La observación del comportamiento de los acontecimientos en general supone para el pensamiento ceñirse a una inexpugnable férula de causalidad. Esa causalidad es observada por el razonamiento a través de una mirada, mirada que tiende a confundirse con la propia realidad. Por esa razón, cuando sucede algo que existe al margen de esa mirada, pero que incomprensiblemente puede ser visto a través de ella, solo queda llevarse las manos a la cabeza o gritar como un energúmeno, buscando una salida física antes que el otro, aunque el otro sea la propia madre.
En las horas siguientes el campo fue cerrado y acordonado. Aquel día, nadie entró para averiguar nada más. Al cabo de una semana, un equipo especializado en fenómenos paranormales llegado de Israel accedió al estadio. Llevaban equipos consigo que hubieran pasado por los de un astronauta. Se trataba únicamente de una misión de observación.
La eterna espera, que se prolongó tres días, acaparaba toda la atención. Todos los medios, de todo el mundo, durante las 24 horas.

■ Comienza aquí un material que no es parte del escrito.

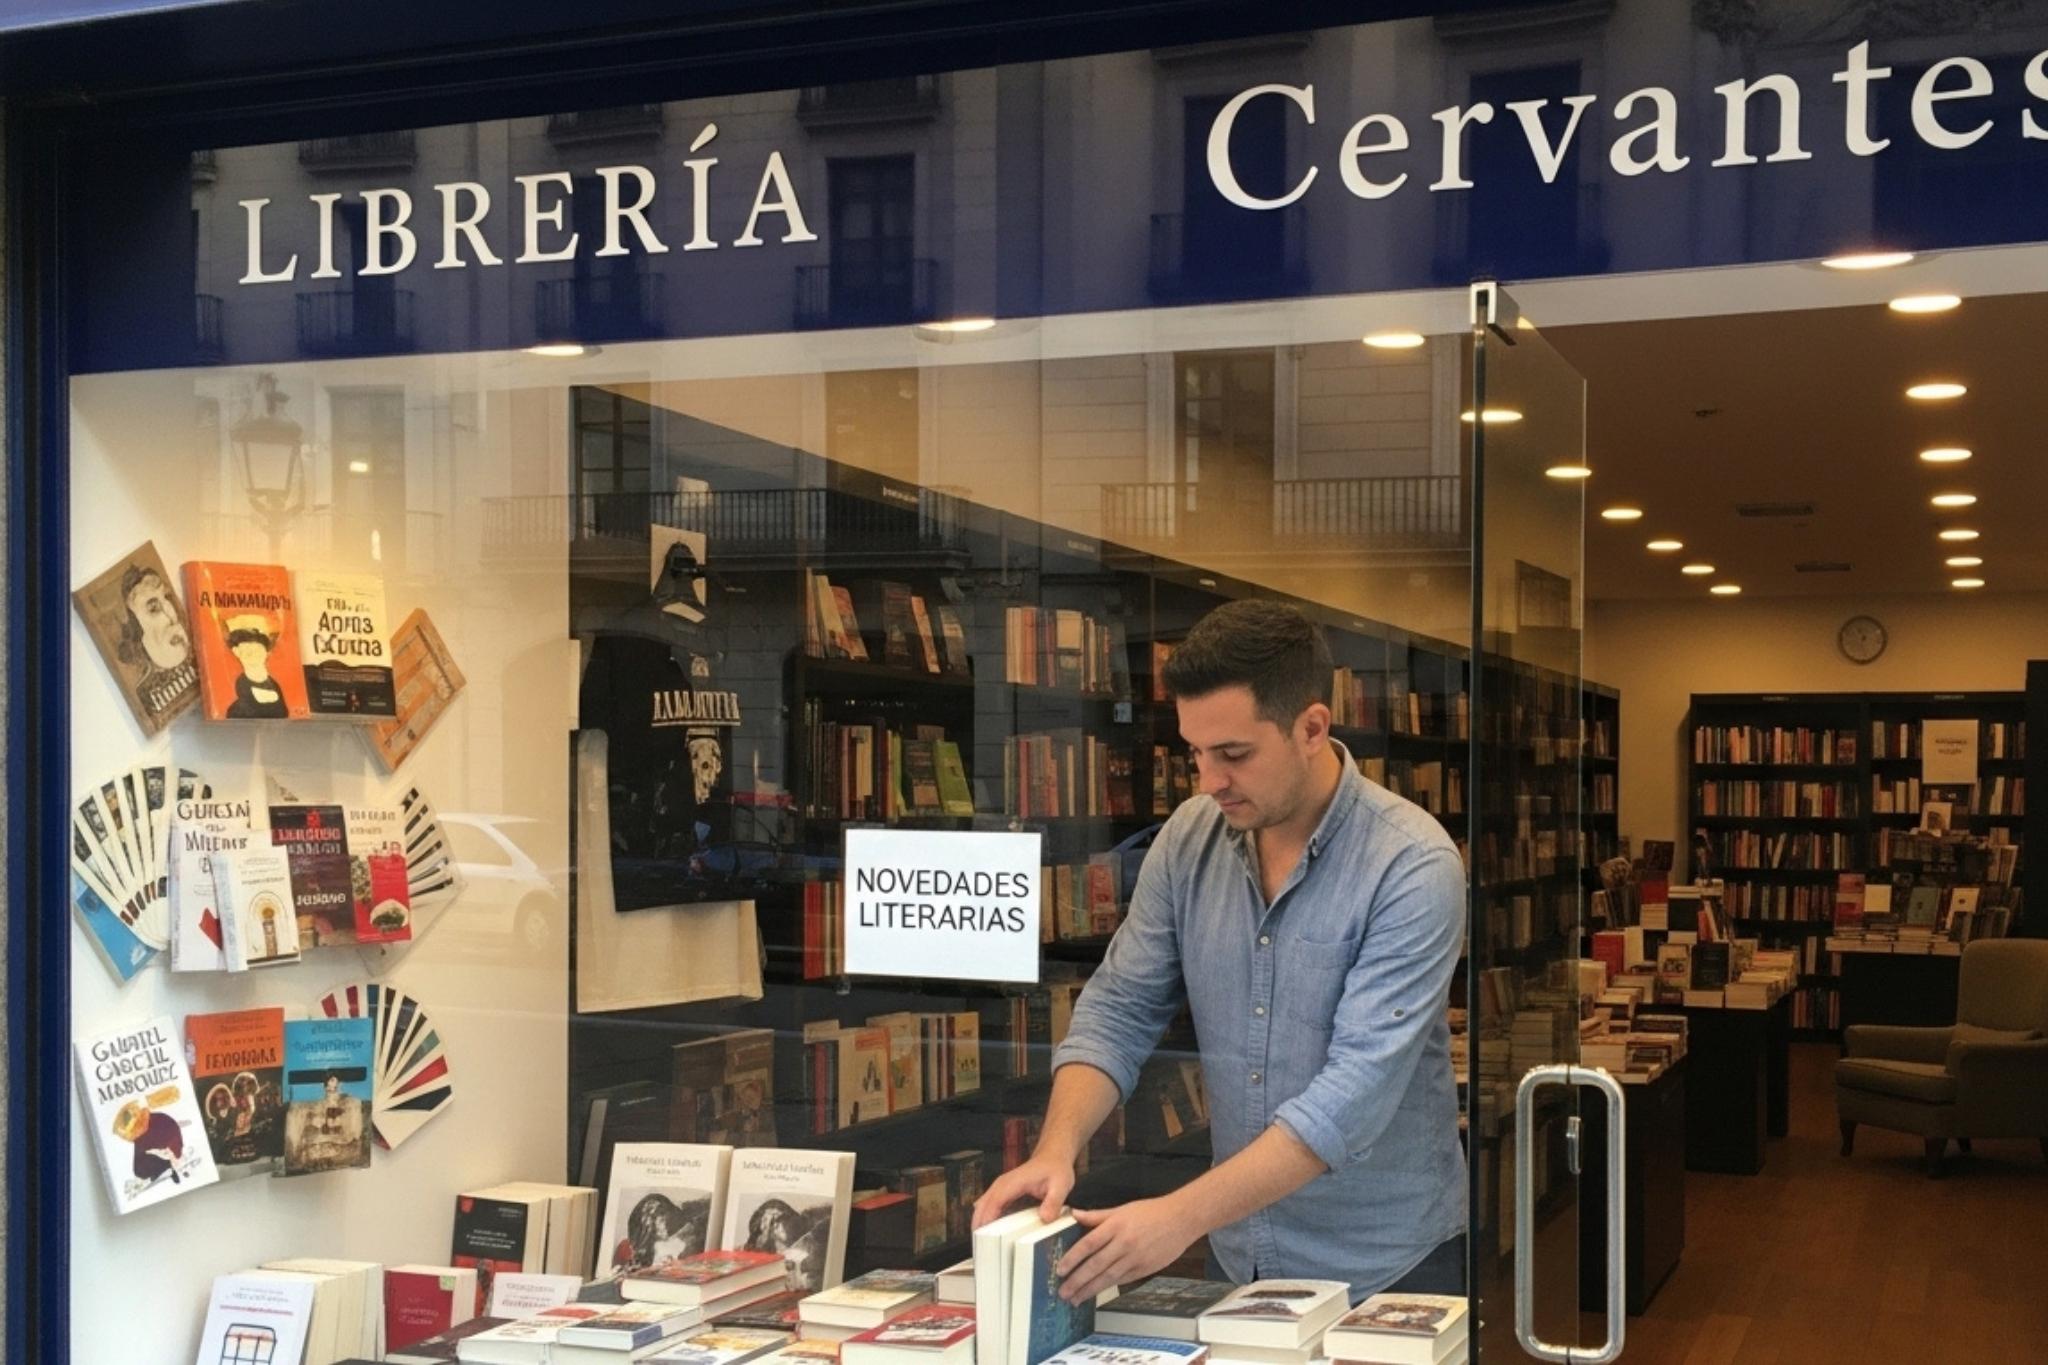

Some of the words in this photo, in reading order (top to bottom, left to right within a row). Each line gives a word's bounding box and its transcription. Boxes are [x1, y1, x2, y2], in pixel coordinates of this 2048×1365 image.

[238, 123, 818, 284] LIBRERÍA
[857, 867, 1029, 898] NOVEDADES
[860, 902, 1025, 933] LITERARIAS

No se hablaba de otra cosa. El grupo no daba señales de vida y las comunicaciones con ellos habían sido interrumpidas al poco de entrar. Al cuarto día se les dio por desaparecidos, ya que la previsión era que uno de ellos saliera para comparecer ante la prensa a las pocas horas de entrar, dando su visión de la situación y de los hechos.
Se decidió que la única decisión posible era el derribo.
La demolición del campo no se hizo de forma habitual, con grúas y excavadoras golpeando el hormigón, y ni siquiera se tuvo en cuenta una voladura controlada. Quién iba a querer siquiera acercarse allí. Fue desalojado todo el mundo en un radio de acción de diez kilómetros a la redonda, distancia que les pareció infinitamente corta y que dejaba expuestos a todos los residentes en las casas alejadas de ese radio al menos diez kilómetros más.
Una bandada de cazas lo dejó convertido en una montaña de escombros. Ahora se alza allí un extraño memorial, en forma de balón sostenido en el aire.